Jormungand – 23

Koko tells Jonah killing her won’t stop Jormungand, so he jumps off the pier and swims away. Kasper picks him up and hires him on the spot. As the plans to shrink the quantum computer commence, Minami informs Koko about Scarecrow and Plame digging into her finances. She decides to summon Bookman to Africa, and when he arrives he is attacked by an armed group that is killed by a platoon of marines who escort him out of danger. Back in America, Plame is arrested by the NSA for breaching the FISA, as Koko made it look like he sent the armed group instructions to assassinate Bookman.

Koko Hekmatyar may be a dyed-in-the-wool supervillain with designs on starting a new world at the cost of hundreds of thousands of lives, but when she kicks as much ass and takes as many names as she has of late, we can’t help but root for her. She also seems to have the support of her team: only Jonah and Lutz are conflicted (it’s probably not a coincidence they’re the youngest members of her team), and only Jonah outright resigns his commission over it, only to be ensnared by Kasper. It looks like Jonah’s going to cling to the status quo as long as he can, but Minami thinks he’ll ultimately come back to Koko.

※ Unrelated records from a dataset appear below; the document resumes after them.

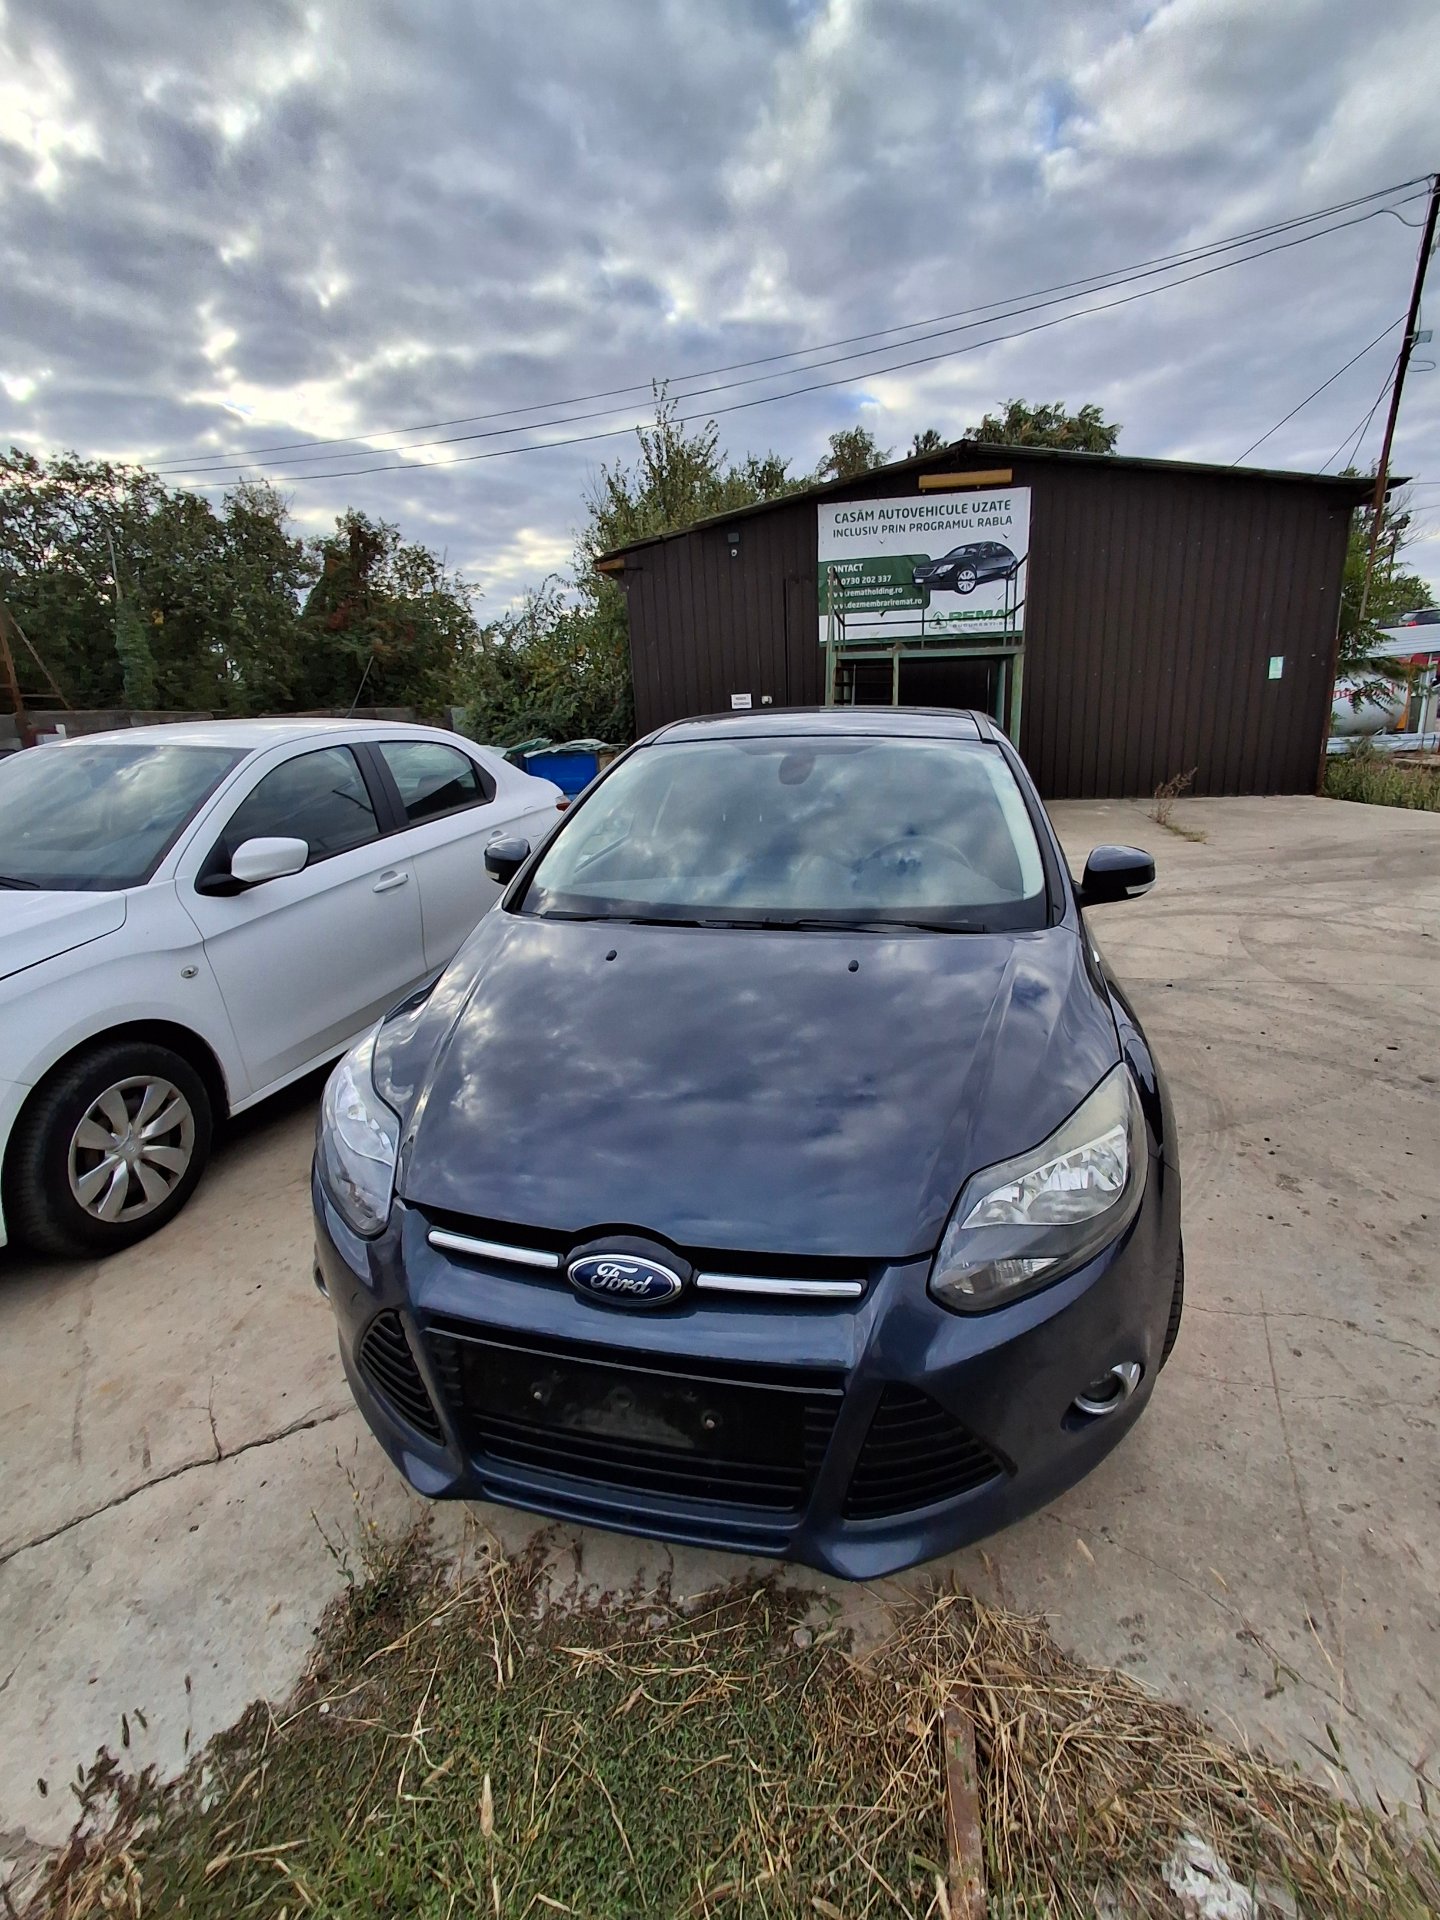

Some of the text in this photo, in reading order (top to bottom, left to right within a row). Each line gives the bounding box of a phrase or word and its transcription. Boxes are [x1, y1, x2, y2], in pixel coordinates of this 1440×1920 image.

[834, 499, 1011, 524] CASĂM AUTOVEHICULE UZATE
[832, 515, 1012, 538] INCLUSIV PRIN PROGRAMUL RABLA
[841, 577, 860, 586] 0730
[861, 575, 876, 584] 202
[878, 574, 892, 583] 337
[827, 598, 923, 610] ww.dezmembrariremat.ro
[590, 1263, 653, 1295] Ford
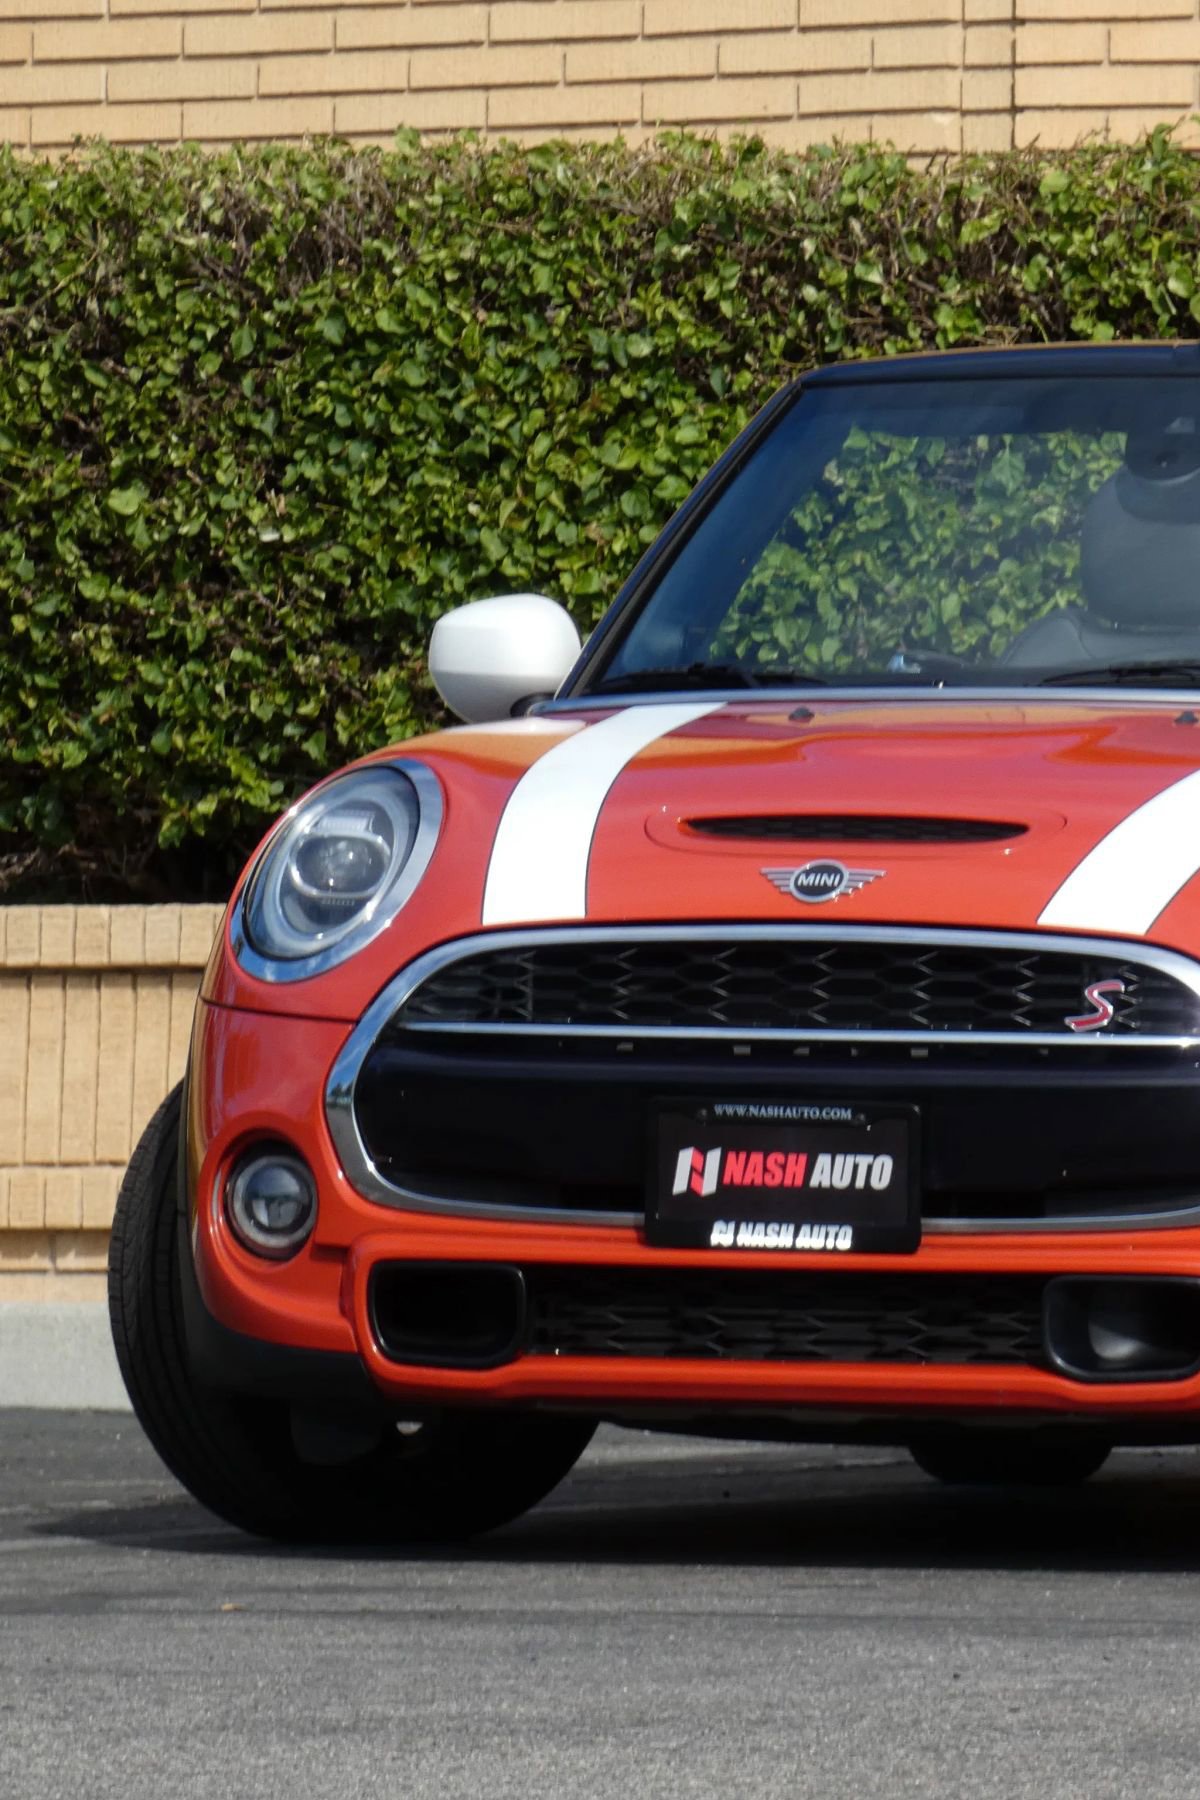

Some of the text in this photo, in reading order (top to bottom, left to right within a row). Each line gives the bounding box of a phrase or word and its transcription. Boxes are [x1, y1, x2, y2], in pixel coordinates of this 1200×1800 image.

[797, 872, 841, 887] MINI
[1064, 979, 1125, 1033] S
[713, 1103, 853, 1121] WWW.NASHAUTO.COM
[723, 1151, 808, 1188] NASH
[809, 1153, 894, 1190] AUTO
[736, 1221, 795, 1249] NASH
[795, 1223, 853, 1251] AUTO

The main attraction of this episode isn’t even the standoff betwen Koko and Jonah, in which Koko delivers one villainously awesome speech (“I hate the world, but it’s lucky I’m going to reform and not destroy it”). It’s yet another demonstration of Jormungand’s formidable, virtually inviolable power over information.It’s essentially carried out to prove a point to Bookman about just how screwed the rest of the world is against her might (and Koko orchestrates it while lying naked in a hot spring.Boss.) Far from taking up the challenge to defeat her plans, Bookman, eager to see the new world Koko wants to build, decides he’ll let her use him however she wants. Can you blame him? In a world where she’s the new god of information, blasphemy will get you nowhere.